Die monatlichen Pauschalbeträge des Pflegegeldes zzgl. Kosten für Pflege und Erziehung betragen nach Empfehlungen des Deutschen Vereins für öffentliche und private Fürsorge im Jahr 2022:
Alter des Pflegekindes | Pflegegeld |
---|---|
0 bis 6 Jahre | 840 EUR |
6 bis 12 Jahre | 947 EUR |
12 bis 18 Jahre | 1.042 EUR |
Abweichend vom monatlichen Pauschalbetrag soll nach § 39 Abs. IV s. 3 SGB VIII ein höheres Pflegegeld gezahlt werden, wenn dies „nach der Besonderheit des Einzelfalles geboten“ ist. Viele Jugendämter gewähren Pflegeeltern mitunter auch erhöhtes Pflegegeld. Oftmals wird ein erhöhtes Pflegegeld auch versagt, obwohl ein Anspruch naheliegt. Wann genau ein Anspruch besteht, ist umstritten.
GUT ZU WISSEN
Anrechnung des Kindergelds
Soweit Sie auch Kindergeld erhalten, wird das Kindergeld zu Teilen auf das Pflegegeld angerechnet. Bei der Ermittlung ihrer Einkommensteuer prüft das Finanzamt von Amts wegen, ob sich Kinderfreibetrag und Erziehungsfreibetrag günstiger auswirken als das Kindergeld.

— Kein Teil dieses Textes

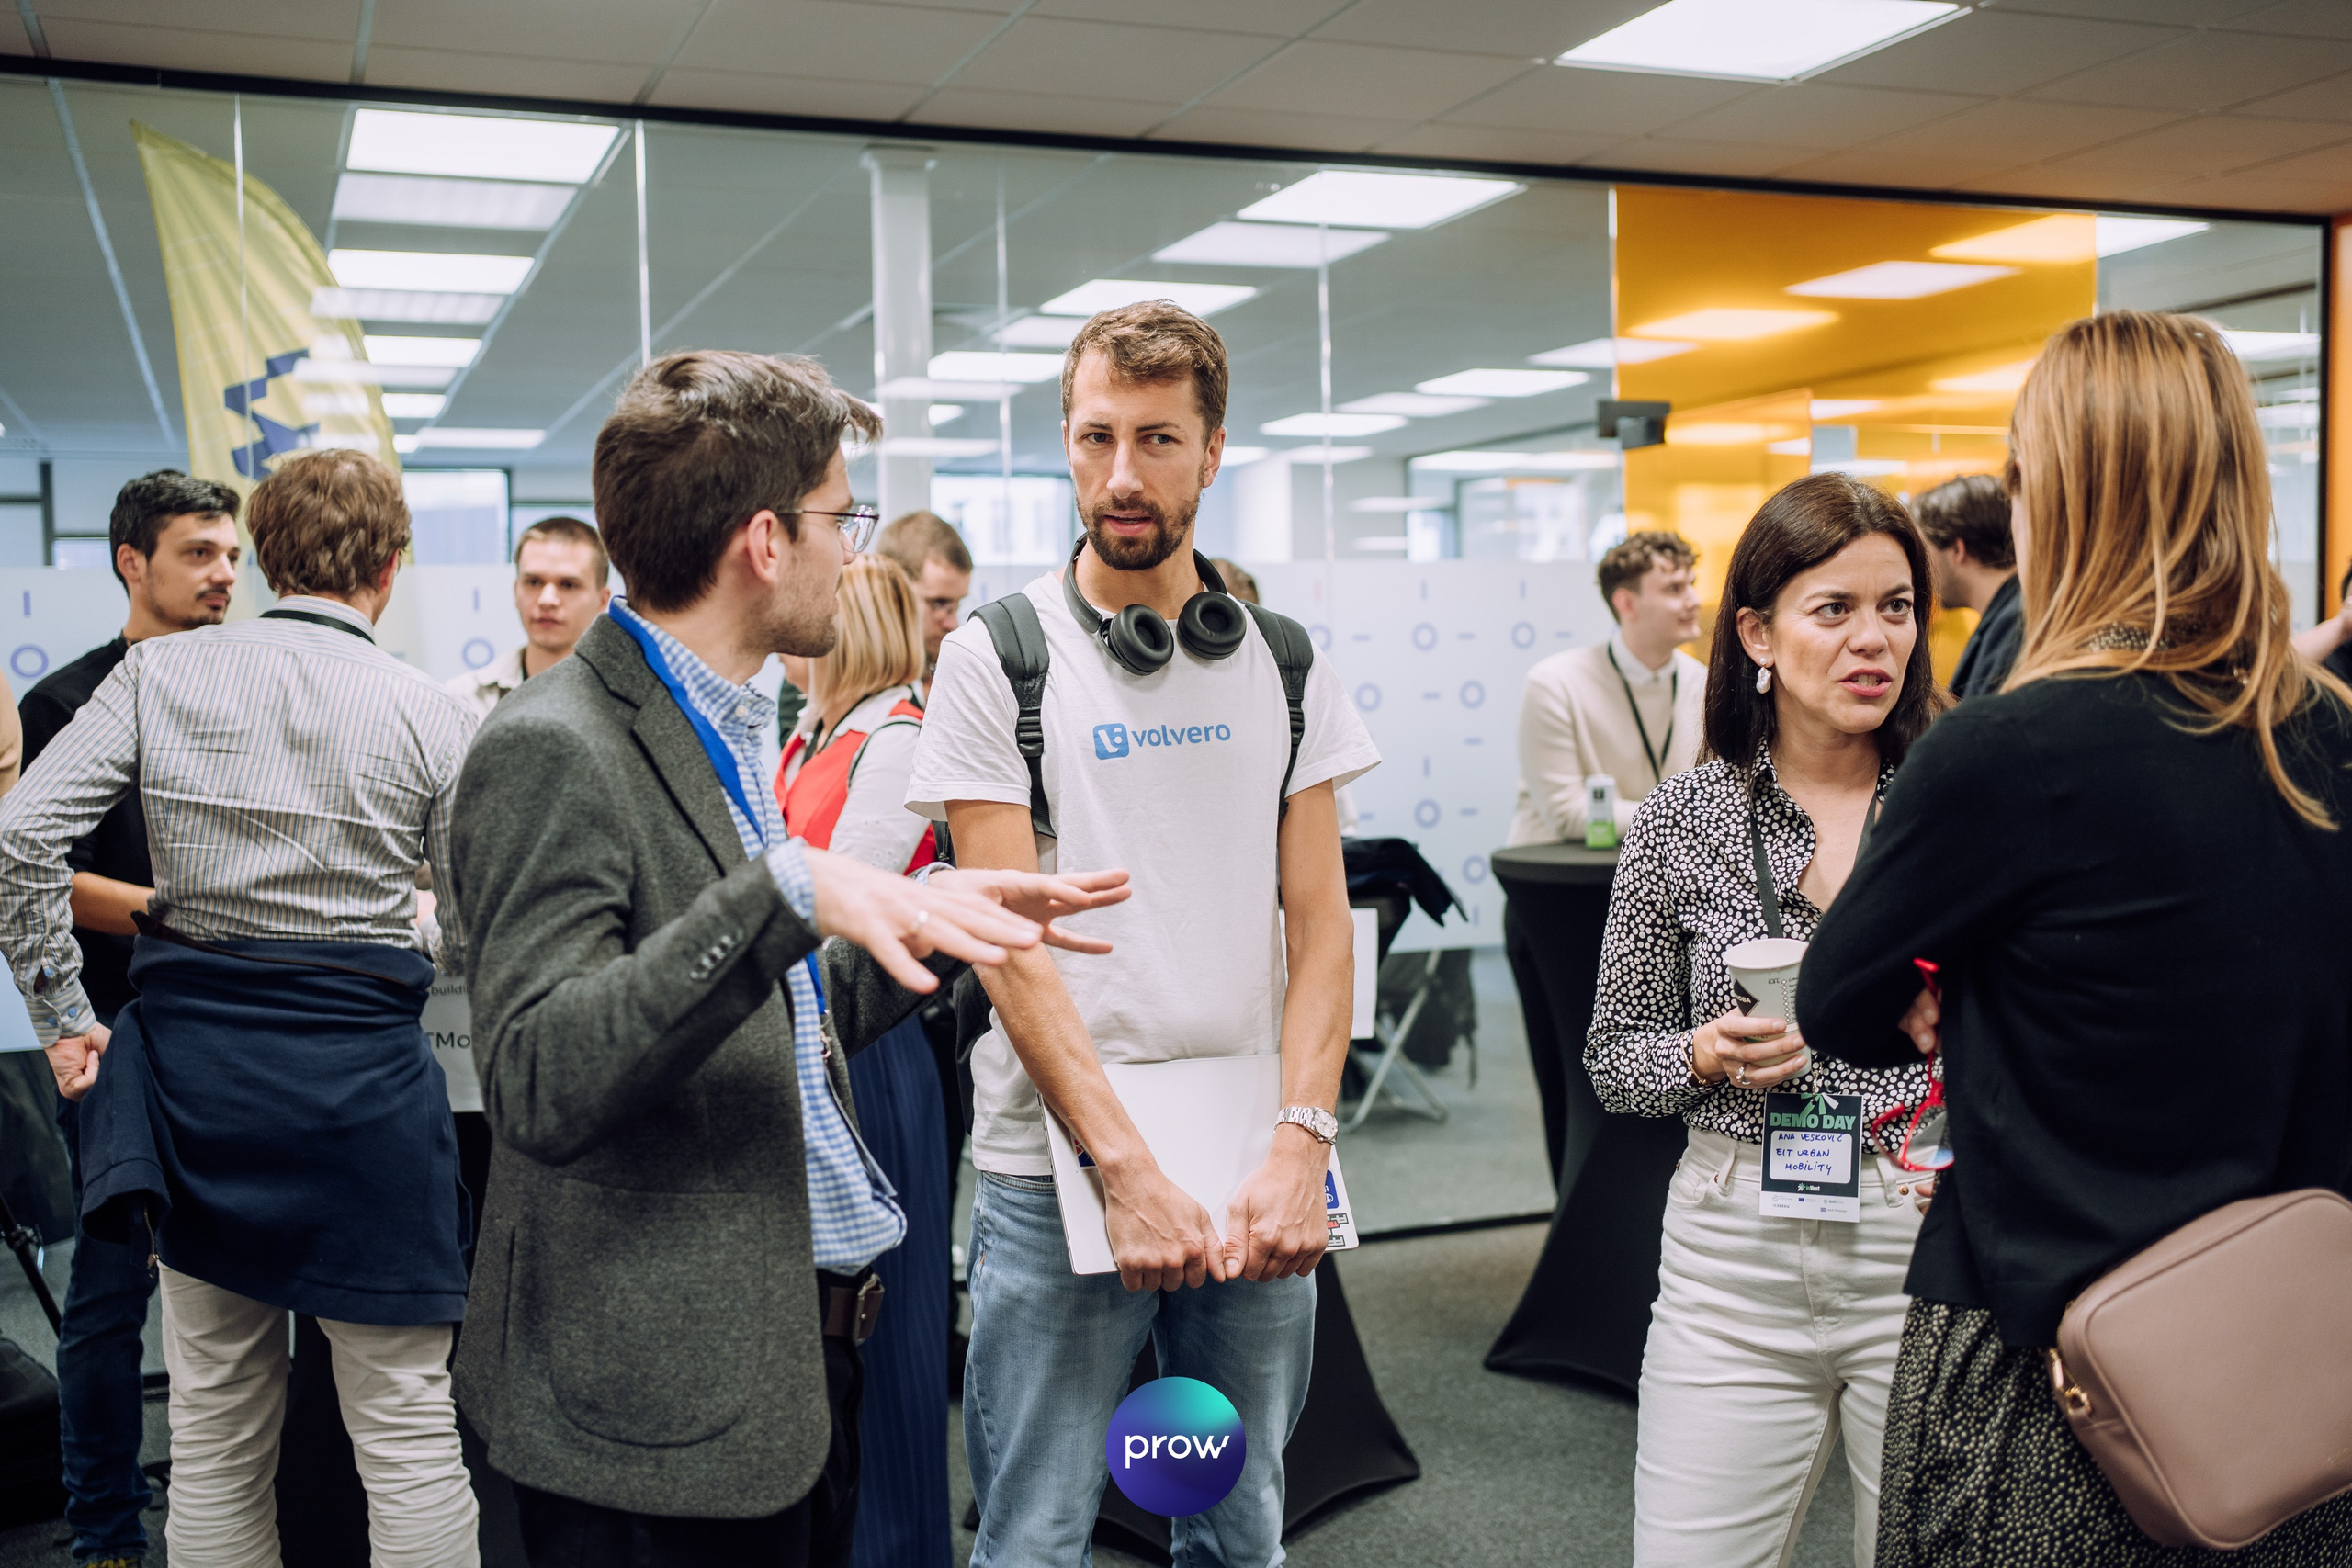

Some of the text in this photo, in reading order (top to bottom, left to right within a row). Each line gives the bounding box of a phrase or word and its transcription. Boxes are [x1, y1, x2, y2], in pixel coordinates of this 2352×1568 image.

[1131, 724, 1231, 747] volvero
[431, 984, 469, 997] buildi
[1770, 1112, 1856, 1131] DEMO DAY
[1779, 1133, 1795, 1141] ANA
[1776, 1148, 1830, 1157] EIT URBAN

Welche (weitere) staatliche Unterstützung gibt es für Pflegefamilien?
- Pflegefamilien erhalten Pflegegeld. Das Pflegegeld wird im Regelfall bis zum 18. Lebensjahr, unter Umständen auch für Pflegekinder bis zum 21. Lebensjahr und im Einzelfall bis zum 27. Lebensjahr gezahlt. Sie erhalten Pflegegeld auch, wenn Sie mit dem Pflegekind verwandt sind.
- Hat das Pflegekind eine körperliche, geistige oder seelische Behinderung oder droht eine solche, können Sie als Pflegeeltern eine Eingliederungshilfe bekommen. Die Eingliederungshilfe soll die drohende Behinderung verhüten oder eine Behinderung abmildern und dem Kind helfen, das Pflegekind in die Gesellschaft zu integrieren. Ein professioneller Fachdienst soll die Pflegefamilie zudem beraten und in der Betreuung des Kindes begleiten.

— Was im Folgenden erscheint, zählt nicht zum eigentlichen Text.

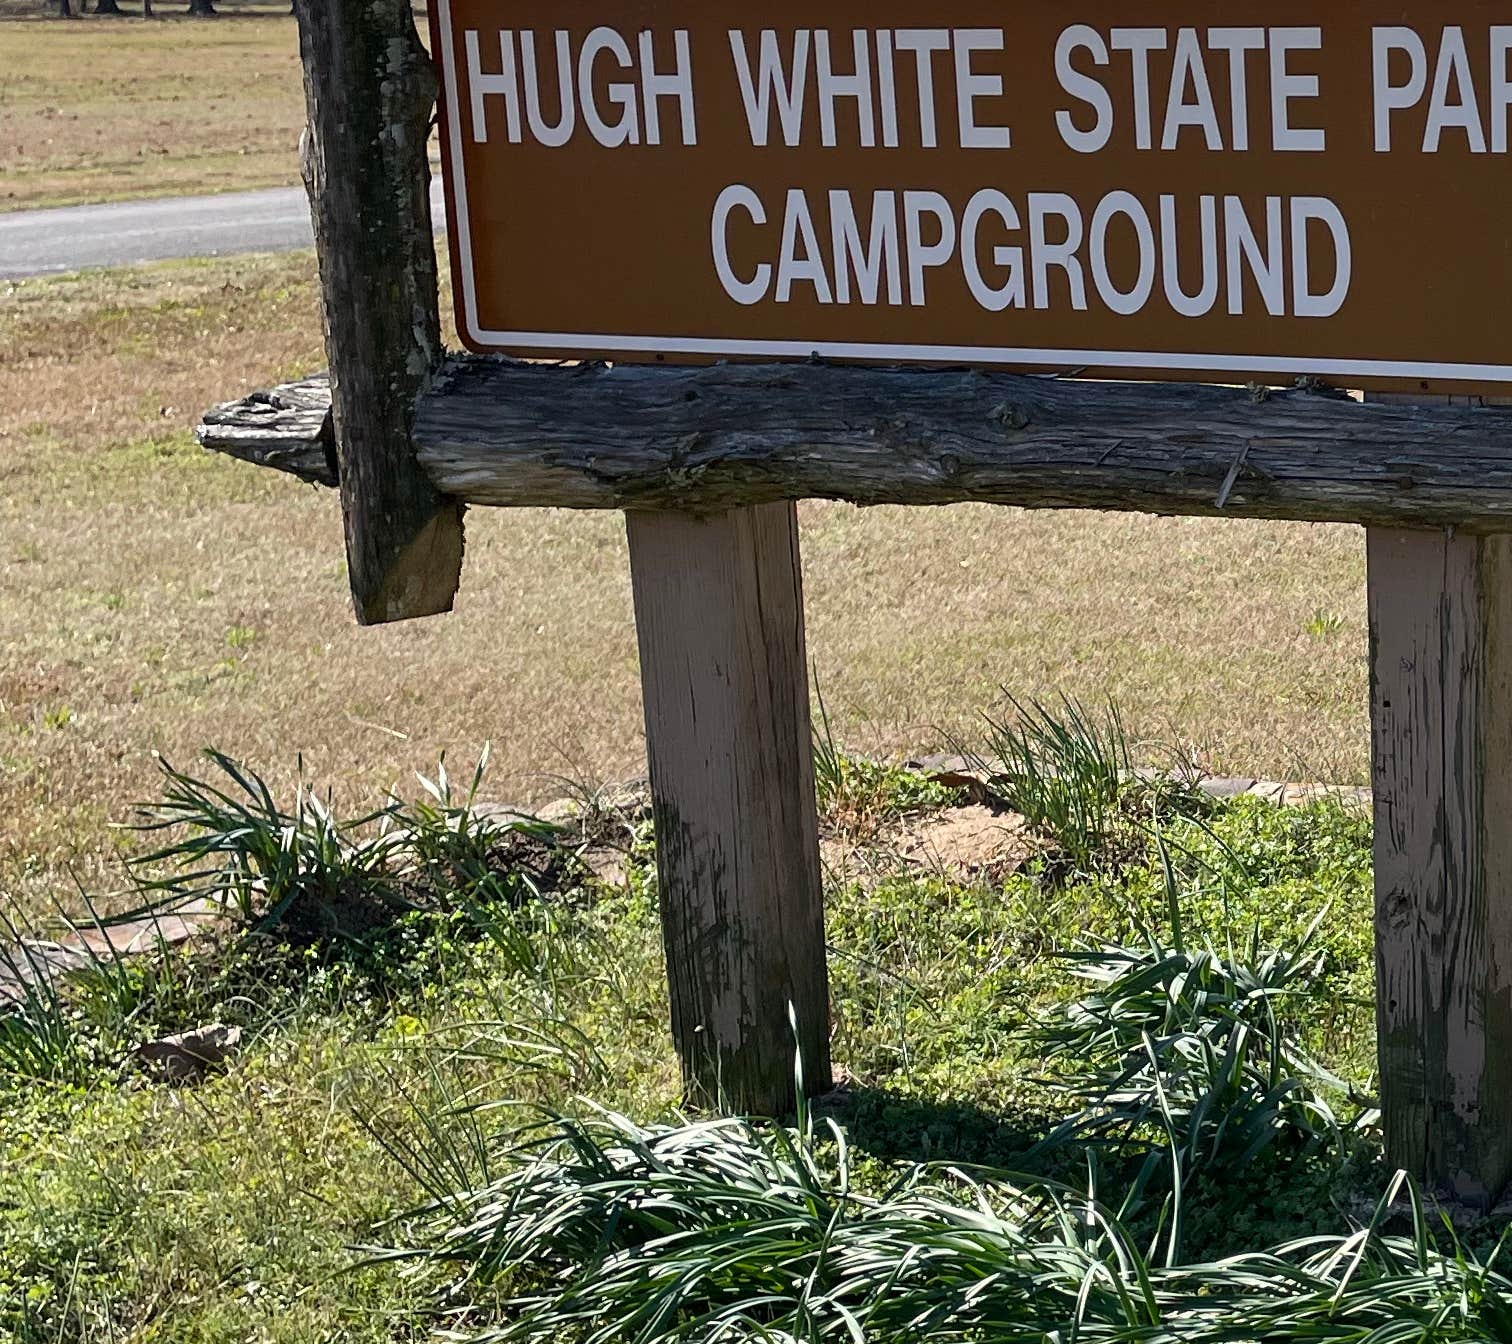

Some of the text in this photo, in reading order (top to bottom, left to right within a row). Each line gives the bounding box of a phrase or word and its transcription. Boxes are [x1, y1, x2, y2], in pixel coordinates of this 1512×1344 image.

[464, 26, 698, 148] HUGH
[728, 28, 1012, 149] WHITE
[1053, 24, 1326, 153] STATE
[710, 184, 1352, 317] CAMPGROUND

- Das Jugendamt übernimmt den Beitrag für eine Unfallversicherung (bis etwa 176 EUR im Jahr).
- Jugendämter bezuschussen die Alterssicherung für eine Pflegeperson zur Hälfte (bis etwa 43 EUR pro Jahr).
- Bis zur Vollendung des dritten Lebensjahres des Pflegekindes haben Sie als Pflegeperson Anspruch auf Anrechnung der Kindererziehungszeiten in der Rentenversicherung.

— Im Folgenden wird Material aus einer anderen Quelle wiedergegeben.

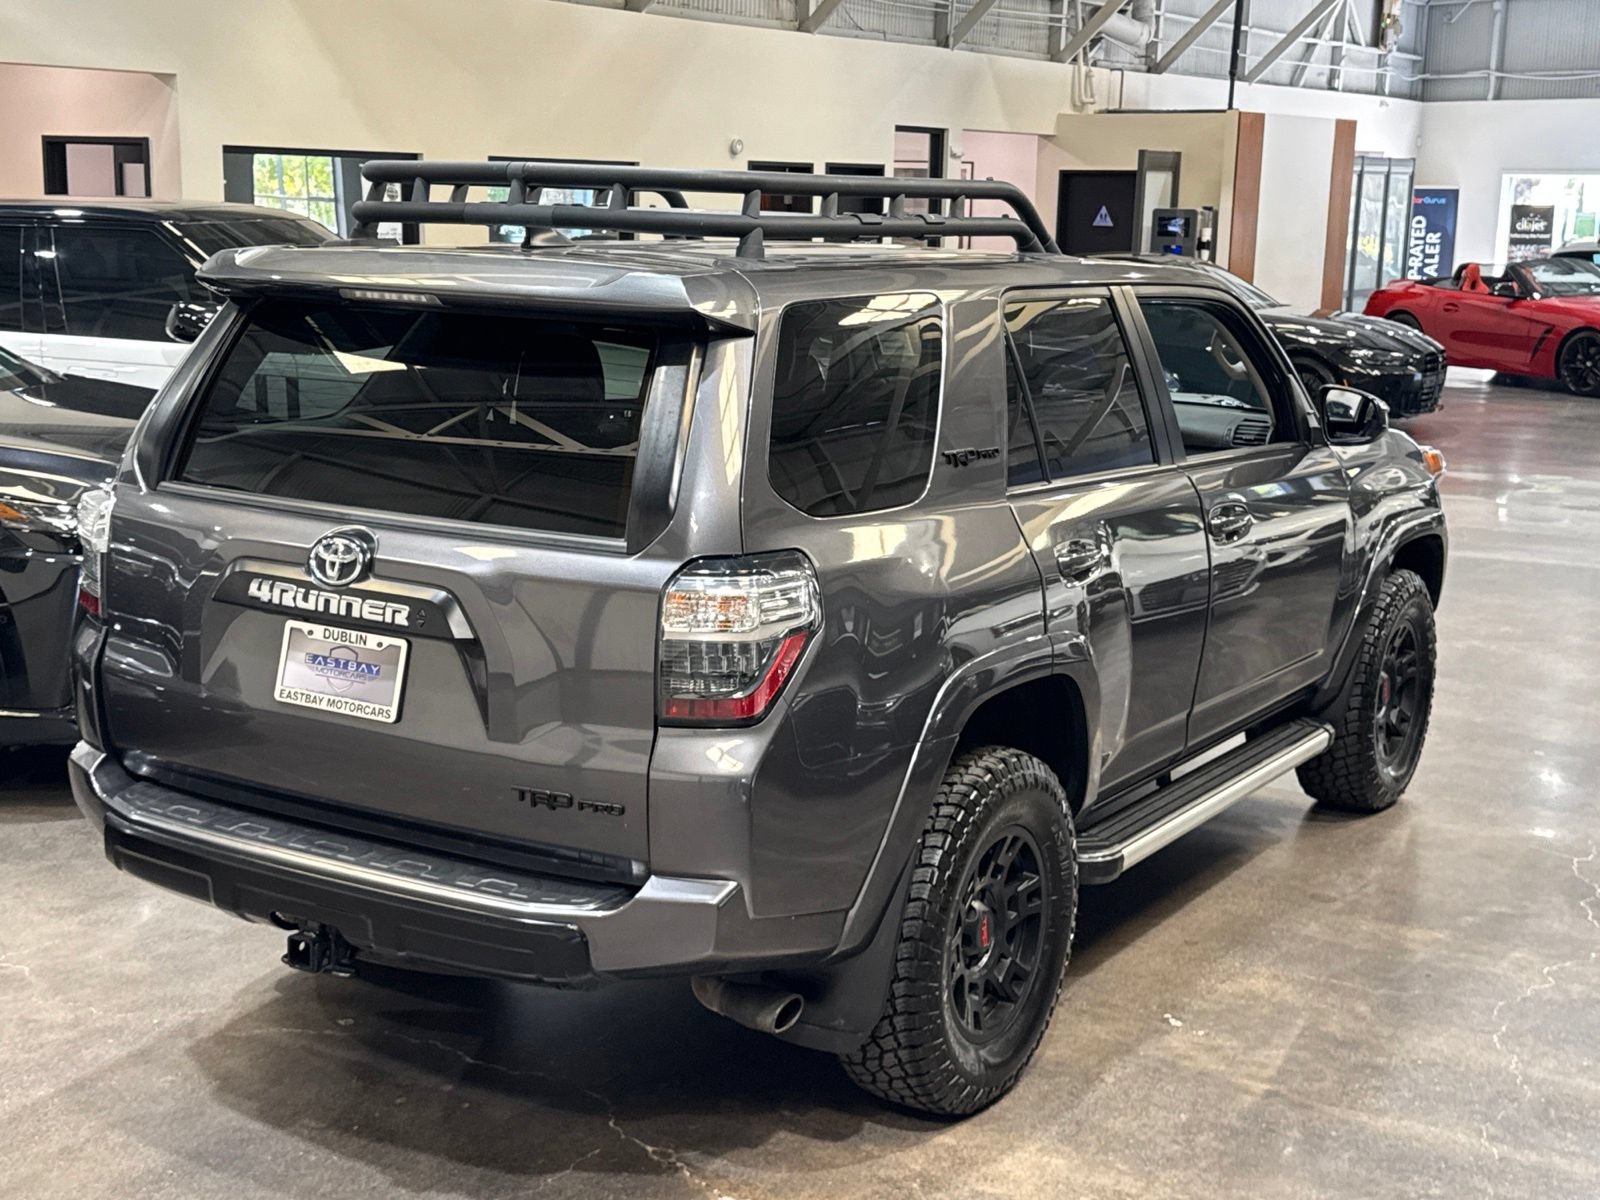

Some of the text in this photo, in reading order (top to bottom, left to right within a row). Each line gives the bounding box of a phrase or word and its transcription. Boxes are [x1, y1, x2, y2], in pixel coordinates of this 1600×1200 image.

[1412, 196, 1446, 205] arGurus
[1422, 232, 1442, 280] ALER
[323, 628, 368, 646] DUBLIN
[305, 653, 380, 676] EASTBAY
[315, 665, 368, 681] MOTORCARS
[279, 688, 392, 719] EASTBAY MOTORCARS
[511, 785, 625, 816] TRD PRO

- Können Sie größere Ausgaben nachweisen (Erstausstattung, Bekleidung, Einschulung, pädagogische Förderung, Nachhilfeunterricht, Erkrankungen des Kindes), können Sie erhöhte Zuschüsse erhalten.
- Pflegekinder sind über die gesetzliche Krankenversicherung ihrer leiblichen Eltern oder der Pflegeeltern versichert.
- Pflegekinder können in die Haftpflichtversicherung der Pflegefamilie meist beitragsfrei mitversichert werden.
- Als Pflegeeltern haben Sie allerdings keinen Anspruch auf Elterngeld. Sie können aber bis zu drei Jahren Elternzeit nehmen. Teilweise zahlen Kommune Förderbeträge, um den Verdienstausfall aufzufangen.
Alles in allem
Als Pflegeeltern übernehmen Sie eine große Verantwortung. Die finanziellen Unterstützungsleistungen, die Sie für die Pflege erhalten, können den finanziellen und persönlichen Aufwand nicht immer abdecken. Die Aufnahme eines Pflegekindes setzt also im Regelfall uneigennützige Motive voraus. Wenn Sie zur Aufnahme eines Pflegekindes bereit sind, leisten Sie so oder so einen wertvollen Beitrag zur Unterstützung und Förderung benachteiligter Kinder. Dafür allein verdienen Sie jedwede Unterstützung.